А про мужские слезы Савва соврал.
2.
Худой человек сидел на изгибе дороги, на обочине, упираясь спиной в дубовый ствол, опустив голову к плечу, так что отросшие волосы совсем закрыли лицо; кулаки придавили динтар – еловую доску с натянутыми струнами – к коленям. Холодный ветер ворошил мешковатую, может, с чужого плеча, одежду, трогал струны, и они отзывались комариным звоном. Волк вылетел из чащи, но резко остановился, проехавшись передними лапами по заледенелому песку проселка и хлопком осев на зад: от человека пахло смертью. Костяной лист, сорвавшись с ветви, задел струну. Она скрипнула. Волк в ответ тонко, как щенок, заскулил, и метнулся в заросли. Вопреки голоду, не тронув тело. И опять звук трущихся веток, звон, и шелест ветра, перебирающего под ухом у мертвеца серые гусиные перья.

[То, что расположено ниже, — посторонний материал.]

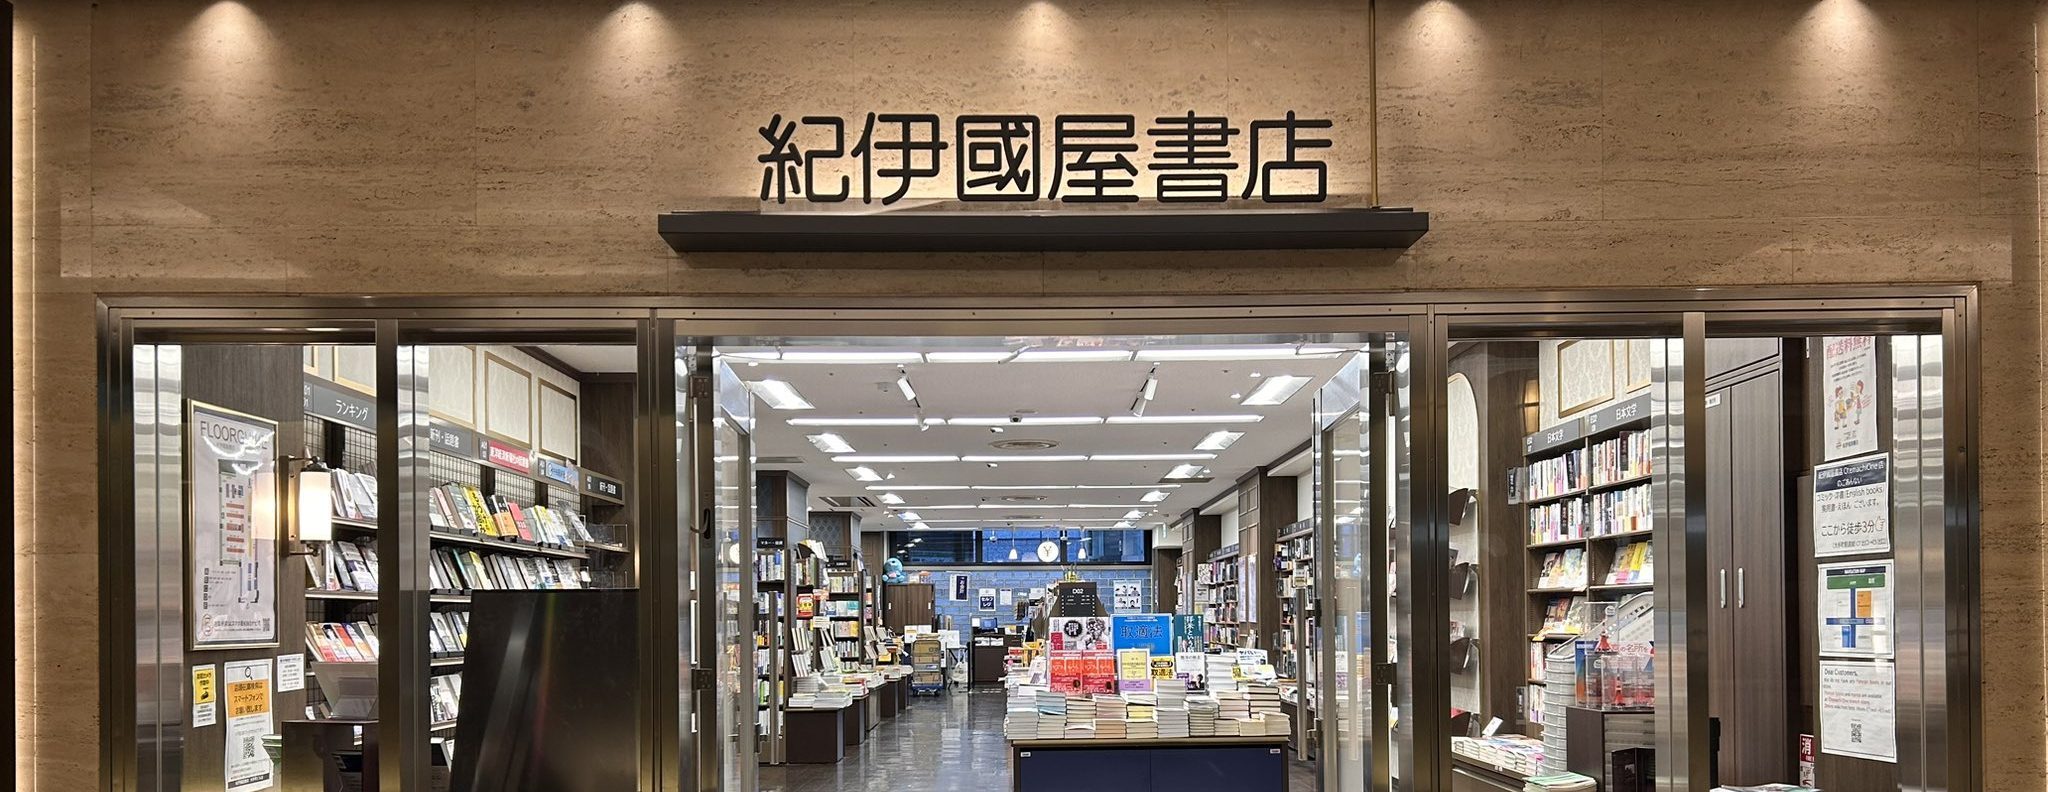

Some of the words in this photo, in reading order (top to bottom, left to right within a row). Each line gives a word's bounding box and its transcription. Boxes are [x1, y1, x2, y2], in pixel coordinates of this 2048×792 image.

[758, 110, 1333, 205] 紀伊國屋書店
[335, 399, 369, 422] ランキング
[1615, 403, 1637, 421] 日本文学
[1547, 429, 1564, 443] 日本文学
[1821, 520, 1875, 537] ここから徒歩3分
[1120, 624, 1164, 639] 取適法
[233, 692, 264, 703] スマートフォンで

Тумаш остановился и подул на скрюченные пальцы, замотанные в тряпье. Они особенно ныли в такую погоду. Хурд, звероватый хитроглазый мужчинка, навязавшийся в спутники еще в Борунах, от неожиданности ударился о его спину. Выглянул, растирая покрасневший нос.
– О, сидит, – хрипло удивился он. – И не холодно! Музыкант…

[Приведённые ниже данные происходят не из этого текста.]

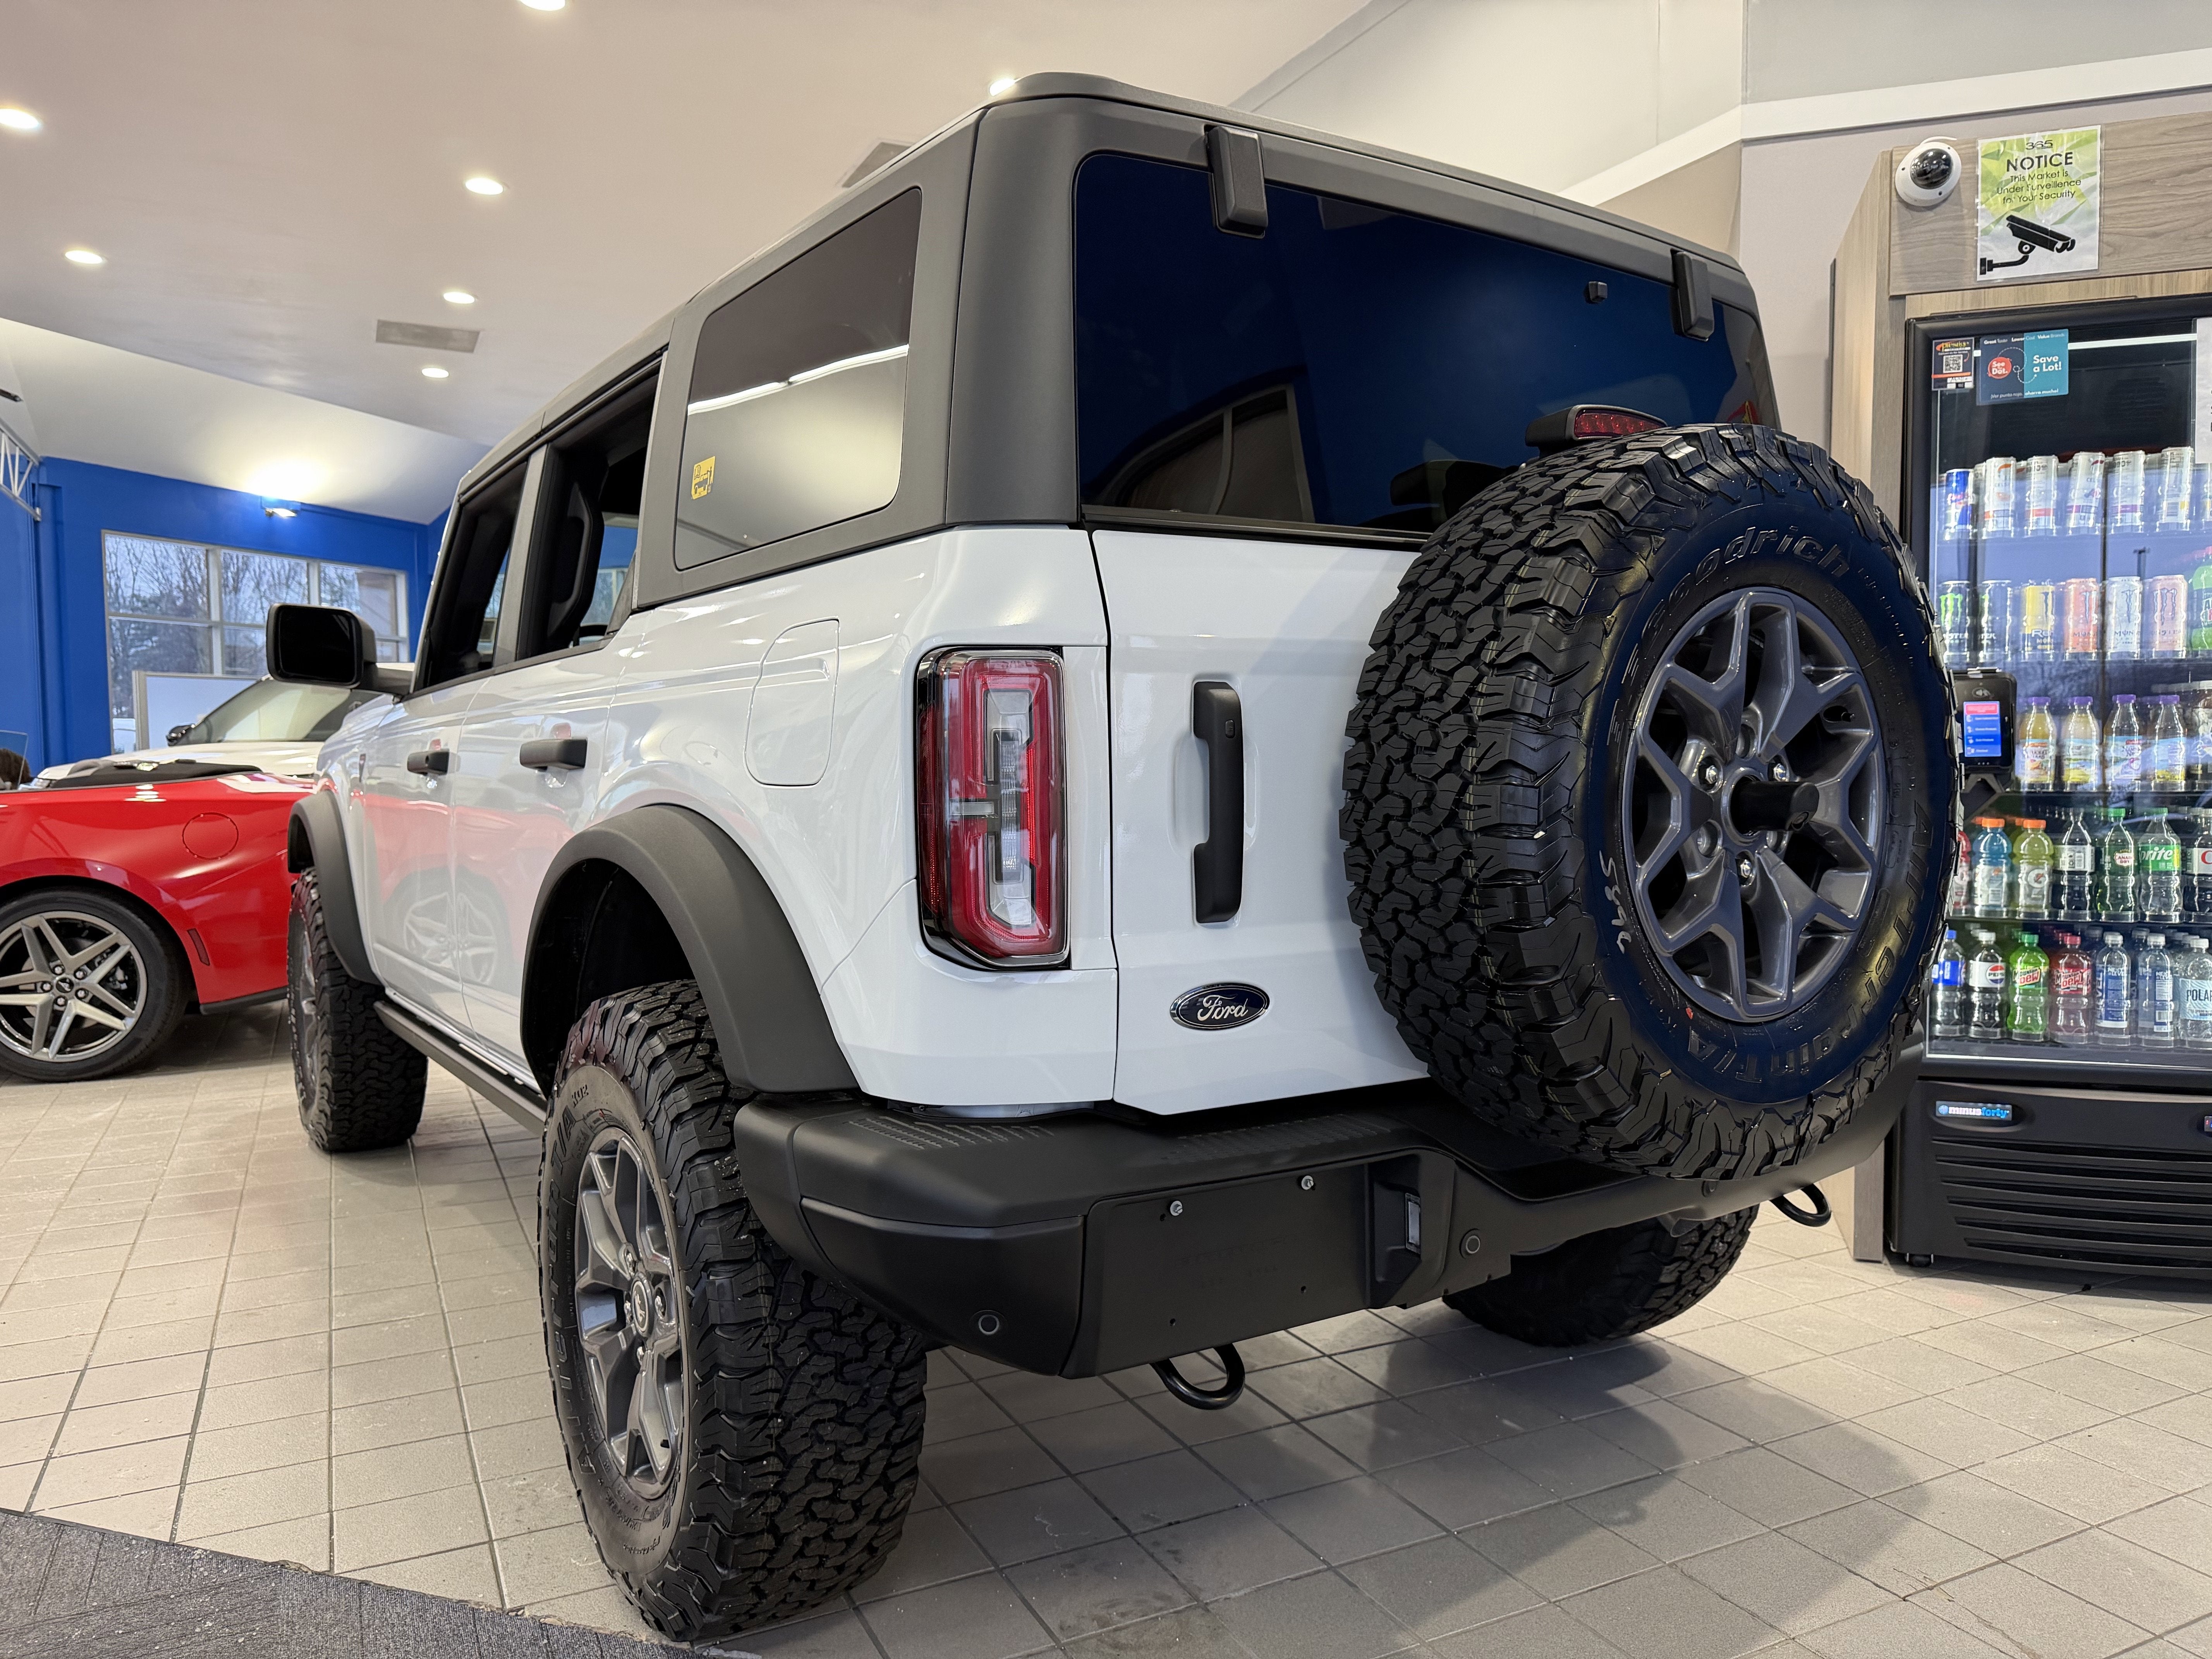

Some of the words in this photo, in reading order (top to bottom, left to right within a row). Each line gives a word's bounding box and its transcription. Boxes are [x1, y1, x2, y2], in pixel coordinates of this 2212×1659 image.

[2026, 140, 2053, 150] 365
[2006, 152, 2073, 172] NOTICE
[2010, 174, 2026, 183] This
[2028, 170, 2060, 181] Market
[1997, 185, 2025, 194] Under
[2017, 194, 2037, 203] Your
[2039, 190, 2076, 200] Security
[2033, 354, 2059, 364] Save
[2042, 361, 2062, 372] Lot!
[2139, 847, 2173, 861] prite
[1197, 994, 1248, 1021] Ford

Тумаш подавил в себе желание, развернувшись, ударить в зубы, вогнать назад слово, прозвучавшее, как оскорбление.
– Эй, ты! Ты!.. – закричал Хурд сидящему. И побелел лицом, что было видно даже через щетину. – Эй, да он мертвый.
Тумаш шагнул, нагнулся, увидел торчащее оперение стрелы и тут же резко крутнулся, пригнувшись и упруго присев, всматриваясь в махающий голыми ветками лес: словно ждал еще стрелы. Хурд возился за спиной.
– Тут хлеб в сумке, – и громкое чавканье.
– Положи, – бросил Тумаш.
– По-по…
– Положь!
Хурд надулся, опустил чужое на порыжелую траву. Тумаш, прикусив губу от боли, разжал кулаки. Когда-нибудь перестанет так болеть снаружи, но черный огонь, зажженный внутри – он перестанет? Когда? Наплыло: пальцы, зажатые между косяком и дверью. Дверь дубовая, крепкая; такую с размаху не захлопнуть. И смех: "Музыкант!" Трое держали. А потом он выл, катаясь по полу. Не от боли в раздавленных пальцах – от полыхнувшего в нем черного огня. Какие струны… ложку бы удержать.
– Следов никаких, – Хурд суетливой белицей сновал вдоль обочины и вокруг дерева. – И кто его? И не обобрали. Чичас оббирают.
– Помоги.
– Хоронить?! – вскинулся Хурд. – Так столько мертвяков, всех перехоронишь?
Тумаш сплюнул и вытащил нож. Пальцы толком не могли обхватить рукояти, от боли стреляло красным в глаза. Но Тумаш все же отпилил стрелу, которая, пробив тело, глубоко ушла в ствол. Не вырежешь, жаль. Не рассмотришь клеймо. А стрела обычная, березовая, светлая на срезе, и перья обычные, гусиные, некрашеные. Тело мягко упало набок. Гнется. Недавно убит. Хорошо, что зима: ни мух, ни запаха. Разве немного кровью. Тумаш разрезал на мертвом одежду, кое-как свернул и вместе с сумкой затолкал под корни. Пусть возьмет тот, кто снимет с дерева и похоронит кости. Меленький Хурд, боясь черного гнева спутника, забросил на толстый сук веревку, ловко, как шемаханский зверь бибизян, вскарабкался по стволу, сел на сук верхом, с помощью Тумаша притянул и привязал к стволу нагое тело. Стал отводить и заплетать глядящие на юг ветки, пока не получилось окно в небо.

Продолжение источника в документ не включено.